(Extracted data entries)
──────────

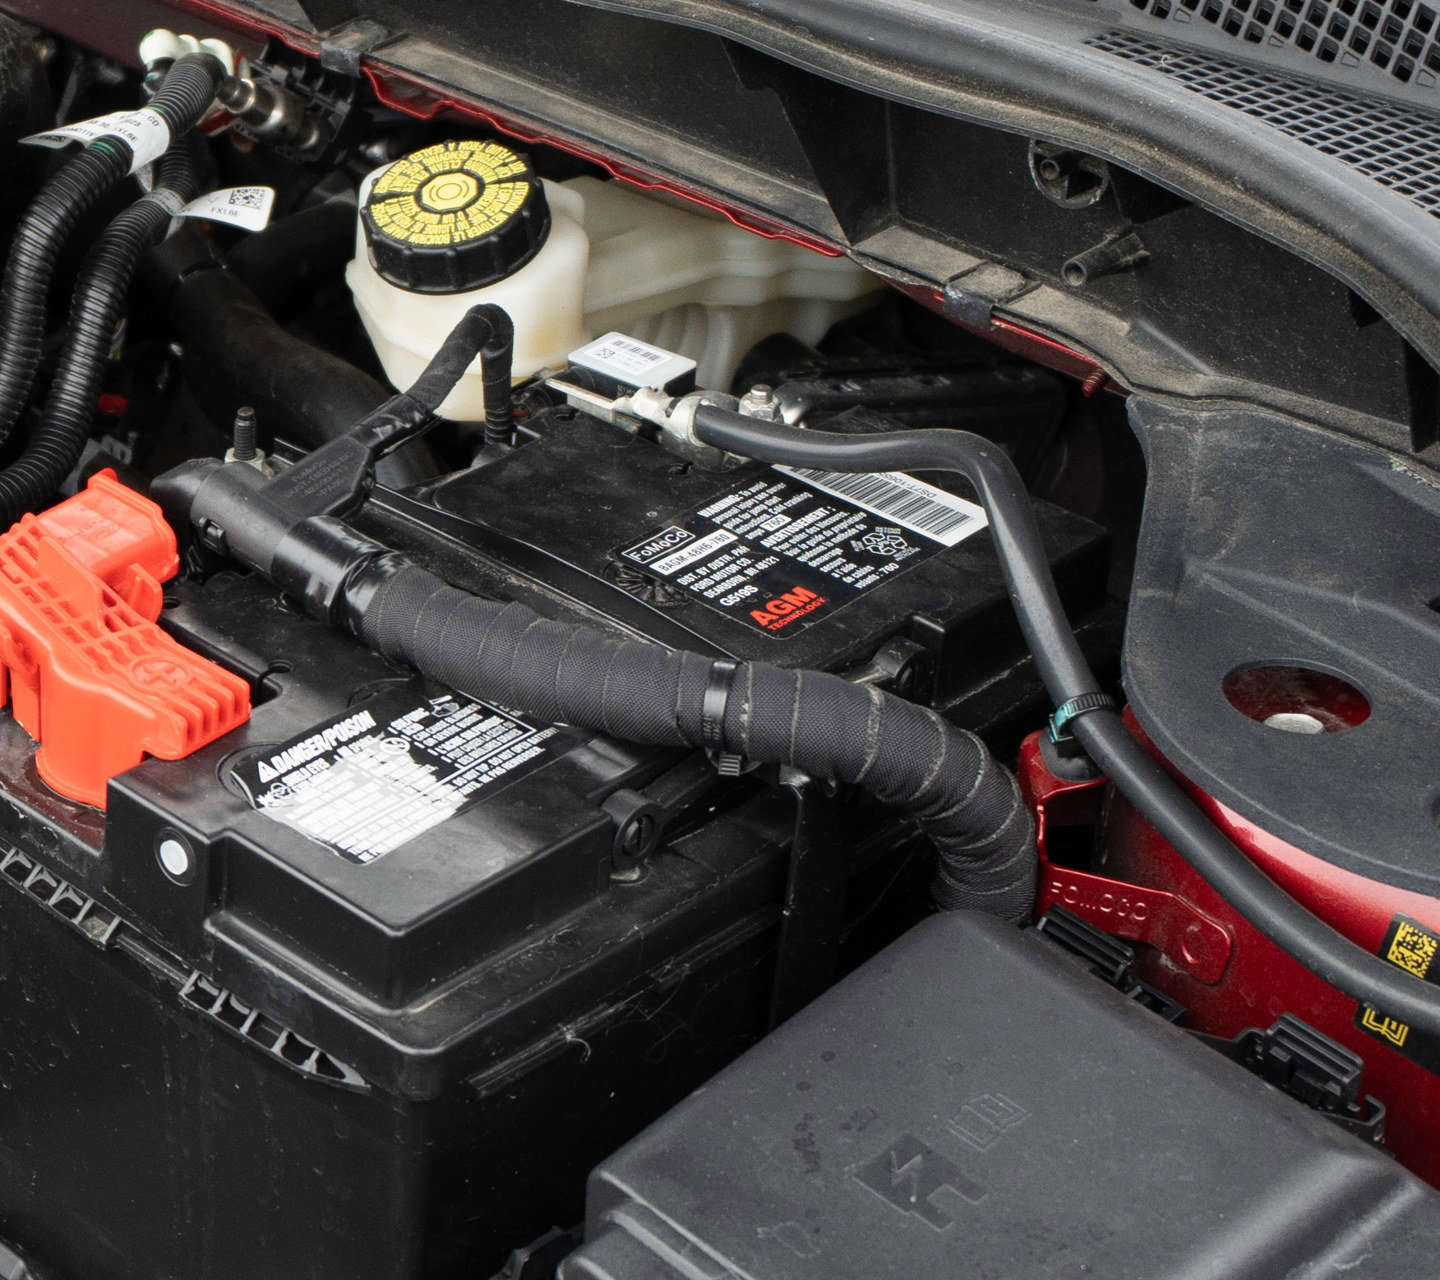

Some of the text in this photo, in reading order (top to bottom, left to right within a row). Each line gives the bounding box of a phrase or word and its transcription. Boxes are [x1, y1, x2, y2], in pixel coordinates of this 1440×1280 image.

[406, 143, 445, 163] SEALED
[447, 141, 455, 151] A
[456, 140, 486, 151] FROM
[483, 143, 513, 159] FLUID
[405, 231, 449, 244] BOUCHON
[452, 229, 467, 242] LE
[465, 211, 510, 239] NETTOYER
[697, 492, 744, 517] WARNING:
[766, 503, 788, 514] Cold
[759, 508, 830, 546] AVERTISSEMENT
[803, 525, 821, 534] des
[629, 530, 688, 560] FoMoCo
[659, 534, 729, 570] BAGM-48H6-760
[675, 545, 751, 585] DIST. BY DISTR. PAR
[689, 556, 754, 591] FORD MOTOR CO.
[702, 555, 780, 598] DEARBORN, MI 48121
[877, 562, 902, 574] 760
[717, 584, 759, 606] G519S
[745, 586, 816, 624] AGM
[768, 598, 827, 629] TECHNOLOGY
[272, 712, 373, 770] DANGER/POISON
[281, 756, 331, 788] SHIELD EYES
[451, 775, 468, 787] DO
[462, 769, 480, 780] NOT
[488, 756, 503, 766] DO
[497, 749, 515, 761] NOT
[510, 740, 533, 754] OPEN
[487, 765, 507, 778] PAS

──────────

Full transcription without images: please go through the records and repeat them exactly.

Finished task:
Some of the text in this photo, in reading order (top to bottom, left to right within a row). Each line gives the bounding box of a phrase or word and its transcription. Boxes are [x1, y1, x2, y2], in pixel coordinates of this 1440×1280 image.

[406, 143, 445, 163] SEALED
[447, 141, 455, 151] A
[456, 140, 486, 151] FROM
[483, 143, 513, 159] FLUID
[405, 231, 449, 244] BOUCHON
[452, 229, 467, 242] LE
[465, 211, 510, 239] NETTOYER
[697, 492, 744, 517] WARNING:
[766, 503, 788, 514] Cold
[759, 508, 830, 546] AVERTISSEMENT
[803, 525, 821, 534] des
[629, 530, 688, 560] FoMoCo
[659, 534, 729, 570] BAGM-48H6-760
[675, 545, 751, 585] DIST. BY DISTR. PAR
[689, 556, 754, 591] FORD MOTOR CO.
[702, 555, 780, 598] DEARBORN, MI 48121
[877, 562, 902, 574] 760
[717, 584, 759, 606] G519S
[745, 586, 816, 624] AGM
[768, 598, 827, 629] TECHNOLOGY
[272, 712, 373, 770] DANGER/POISON
[281, 756, 331, 788] SHIELD EYES
[451, 775, 468, 787] DO
[462, 769, 480, 780] NOT
[488, 756, 503, 766] DO
[497, 749, 515, 761] NOT
[510, 740, 533, 754] OPEN
[487, 765, 507, 778] PAS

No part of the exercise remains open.